Secretário de Trump, Marco Rubio, afirma que Brasil não é 'país amigável' aos EUA

O secretário de Estado dos EUA, Marco Rubio, declarou ao Senado que, embora a América Latina esteja repleta de "países amigos", o Brasil é uma das exceções, assim como Cuba, Nicarágua e Venezuela. A declaração ocorre em um contexto de tensões comerciais entre os dois países.
Secretário de Trump, Marco Rubio, afirma que Brasil não é 'país amigável' aos EUA

Secretário de Trump, Marco Rubio, afirma que Brasil não é ‘país amigável’ aos EUA A fala de Marco Rubio sobre um Brasil “fora do grupo de países amigos” dos EUA expôs mais do que um mal-estar diplomático: virou munição para todos os lados na guerra interna de narrativas em Brasília.

De um lado, veículos alinhados ao governo Lula leem a declaração como prova de uma política externa americana agressiva e intervencionista. A Folha destaca que Rubio colocou o Brasil na mesma prateleira de Cuba, Nicarágua e Venezuela e lembrou que a fala veio logo após a proposta de sobretaxa de 25% sobre produtos brasileiros e a classificação de PCC e CV como organizações terroristas, num quadro de “deterioração das relações” entre Brasília e Washington. O Brasil247 vai além e fala em “interferência” dos EUA ao deixar o país fora da lista de aliados numa América Latina que Rubio descreve como “coalizão de países amigos”. CartaCapital ressalta que o secretário vê o Brasil como “exceção” em uma região supostamente alinhada a Washington, em plena tensão tarifária. Já o G1 sublinha a contradição de Rubio: a América Latina estaria “cheia de amigos”, mas o Brasil é citado nominalmente entre as exceções.
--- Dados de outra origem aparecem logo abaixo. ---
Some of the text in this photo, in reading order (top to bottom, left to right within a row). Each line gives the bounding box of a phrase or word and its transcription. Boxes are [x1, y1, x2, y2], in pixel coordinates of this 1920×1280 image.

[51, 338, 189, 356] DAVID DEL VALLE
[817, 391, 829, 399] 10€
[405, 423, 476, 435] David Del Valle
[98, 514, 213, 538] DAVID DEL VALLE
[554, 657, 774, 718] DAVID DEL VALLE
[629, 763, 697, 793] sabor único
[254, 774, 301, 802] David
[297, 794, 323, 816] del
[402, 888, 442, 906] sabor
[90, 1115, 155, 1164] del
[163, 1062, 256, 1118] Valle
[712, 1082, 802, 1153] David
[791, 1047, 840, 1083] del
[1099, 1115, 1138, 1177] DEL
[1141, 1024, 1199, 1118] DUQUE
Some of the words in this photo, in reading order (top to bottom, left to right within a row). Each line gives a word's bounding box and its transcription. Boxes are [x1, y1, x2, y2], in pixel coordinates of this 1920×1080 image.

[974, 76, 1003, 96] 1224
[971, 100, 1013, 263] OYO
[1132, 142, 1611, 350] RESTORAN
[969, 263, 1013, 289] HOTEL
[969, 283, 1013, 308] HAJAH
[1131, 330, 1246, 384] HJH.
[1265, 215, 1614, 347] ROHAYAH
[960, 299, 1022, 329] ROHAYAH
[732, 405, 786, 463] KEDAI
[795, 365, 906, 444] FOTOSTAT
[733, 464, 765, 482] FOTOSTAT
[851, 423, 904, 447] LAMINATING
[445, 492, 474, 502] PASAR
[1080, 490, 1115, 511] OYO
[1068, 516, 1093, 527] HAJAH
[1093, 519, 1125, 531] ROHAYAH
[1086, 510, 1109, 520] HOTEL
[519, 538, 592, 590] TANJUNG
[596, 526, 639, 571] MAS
Do outro lado, a oposição de direita transforma o constrangimento diplomático em ataque direto a Lula. A Gazeta do Povo ecoa a formulação de Rubio, lembrando que ele colocou o Brasil ao lado de “ditaduras como Venezuela, Nicarágua e Cuba”, apresentando o isolamento como consequência do alinhamento petista. Nas redes, o tom sobe ainda mais: para Leandro Ruschel, “Lula conseguiu! O governo americano reconhece o Brasil como uma nação hostil”. Eduardo Bolsonaro amplifica a tese de que o “governo Trump classifica o Brasil como inimigo dos EUA”. E Paulo Figueiredo transforma o episódio em peça de campanha, dizendo que a carta de Flávio Bolsonaro a Rubio é “absolutamente impecável” e que o senador seria “a maior barreira entre tarifas e o Brasil, enquanto Lula só quer ver o país pegar fogo”.

Em comum, governo e oposição exploram o mesmo fato para narrativas opostas: uns enxergam prova de pressão externa sobre a soberania brasileira; outros, um atestado internacional contra o lulismo. No meio, a relação real com Washington vira detalhe de rodapé.